Web-enabled publishing

The next breed of online community is entirely web-enabled. It involves immediately publishing static and dynamic content onsite, allowing multiple or varied responses, and sometimes even edits, over time and by a number of people. Community members often have profiles with links to their institution, contact information, interests, and even pictures. Sometimes the content they publish is conversation, other times it is collective musings with comments, still others a collection of more traditionally published works that have been vetted by peers, reviewers, or a single editor or community-driven editorial group. Sometimes, conversations turn into published works that are then revised, linked, and supported by the collective community.

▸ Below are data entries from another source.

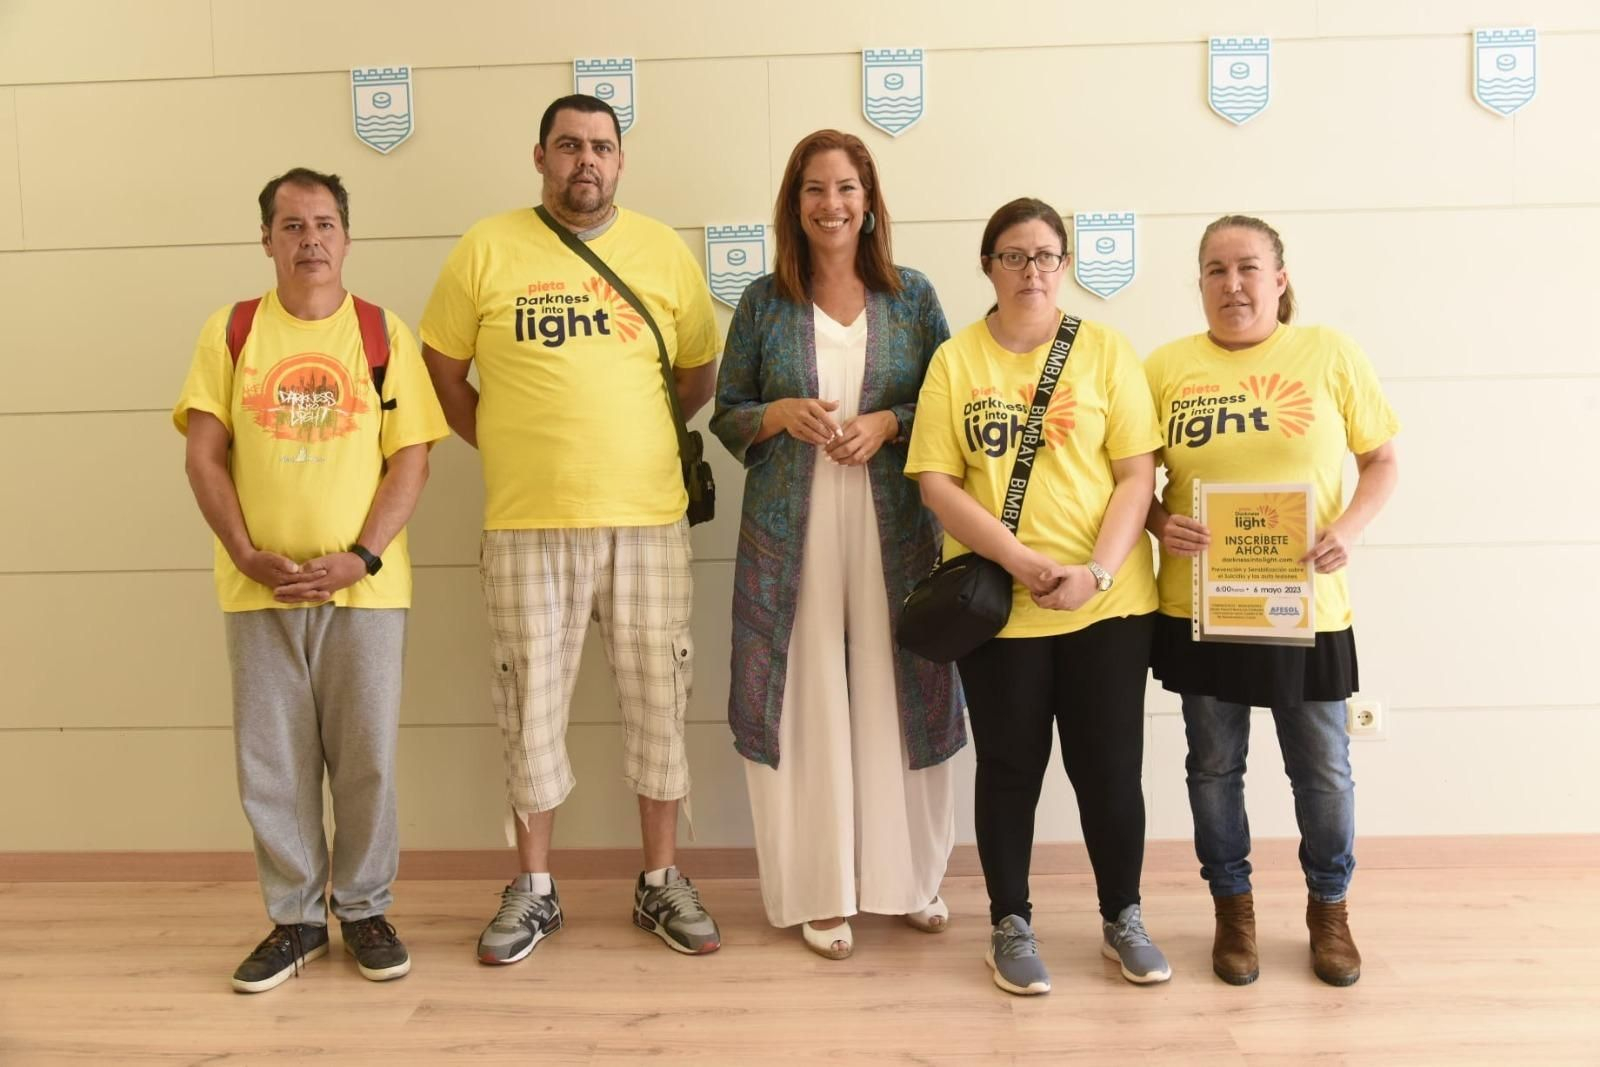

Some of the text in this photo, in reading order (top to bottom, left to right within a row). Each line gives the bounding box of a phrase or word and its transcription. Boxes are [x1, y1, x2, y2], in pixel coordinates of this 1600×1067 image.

[527, 281, 565, 295] pieta
[515, 294, 590, 306] Darkness
[541, 306, 564, 314] into
[515, 307, 611, 348] light
[1182, 384, 1220, 399] pieta
[1171, 394, 1247, 413] Darkness
[985, 410, 1008, 420] into
[1191, 407, 1216, 417] into
[1002, 316, 1079, 530] AY BIMBAY BIMBAY BIMBA
[1167, 406, 1270, 449] light
[964, 414, 1046, 458] ligh
[1235, 516, 1266, 531] light
[1225, 533, 1289, 545] INSCRÍBETE
[1235, 546, 1279, 555] AHORA
[1261, 587, 1282, 595] mayo
[1284, 586, 1302, 594] 2023

Examples of online communities engaged in such publishing and editing include the library-related blogs (such as the one at TechnoBiblio.com), collaboratively edited online encyclopedias (such as the one at Wikipedia.org—click on "edit this page" from any article for a demo of online collaborative publishing at its best!), and the online communities for librarians at LearningTimes.com. As personalization and customization are finessed on the web, so will be our experiences.

Back to the roots

Textual movement makes the vocabulary controller in all of us a little queasy. Personalization inevitably brings up privacy. Don't even get me started on authority. But online communities are teaching us that when we discover we're wrong, it's all right to go back and fix it, if only to tell a more complete story; that it's well and good to create a record of living documents; and that authority can come from trusted relationships with people we know and doesn't necessarily rely exclusively on "experts" whose relationships with us are so often facilitated only by commerce. In some ways, these communities are taking us back to the roots of librarianship: a civic responsibility to disseminate, globally and without discrimination, all forms of human knowledge.

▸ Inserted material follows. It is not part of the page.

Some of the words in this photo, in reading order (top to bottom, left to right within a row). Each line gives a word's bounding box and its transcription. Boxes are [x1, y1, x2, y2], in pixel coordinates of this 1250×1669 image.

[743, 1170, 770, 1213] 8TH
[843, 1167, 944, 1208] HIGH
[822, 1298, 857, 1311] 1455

The spirit of sharing more quickly and efficiently, across all kinds of boundaries, online, is reminding us that we can and should be doing better librarianship. All of this, and I don't even get to detail the absolute thrill of learning, publishing, and discussing within a culture of shared responsibility, ownership, and collaboration.

You think you don't have time for all these blogs, online discussions, RSS feeds, and web sites. But at the risk of sounding like a late-night infomercial, you can't afford not to. We have two essential and critical problems in our profession. First, especially in public libraries, we are plagued by a scarcity model. We never have enough staff, time, resources, collections, or patrons…we never seem to have enough of anything. Second, we use the resources we do have to do work and solve problems that have already been done or solved. The good news is that in an online community we can take the skills we all have been trained in to help others and help ourselves.

"Pick me, pick me!"

We do a great deal of fretting about "who gets picked" in our lives. To our patrons we say "pick me!" for ask-a services, community information, DVDs, the latest fiction, and now public access. The nice thing about online community is you pick them. The trick is finding the right group, the one you care about and connect with, as a librarian. It doesn't have to be an online community "for" librarians. It might be a great publishing space on the web. You'll go back, and back, and back again. You'll converse with one another and build on that, leaving a record of your interactions and ruminations along the way.

Eventually, the organizers may choose to edit, publish, revise, and republish, as well as archive, all of it. It reflects our collective experience, and we own it together. Our work becomes better for it because we stop reinventing the wheel, we stop wasting resources, and we can say with confidence that we're building something for our profession and, if we get moving, for our patrons. Then they will have a better reason to pick us.

For almost two years now I have witnessed more than 10,000 colleagues take a new step in professional development: reading, learning, and sharing in a web-enabled online community. Have we made a difference for ourselves and our libraries? You bet! If you don't believe me, just ask Bob Spence.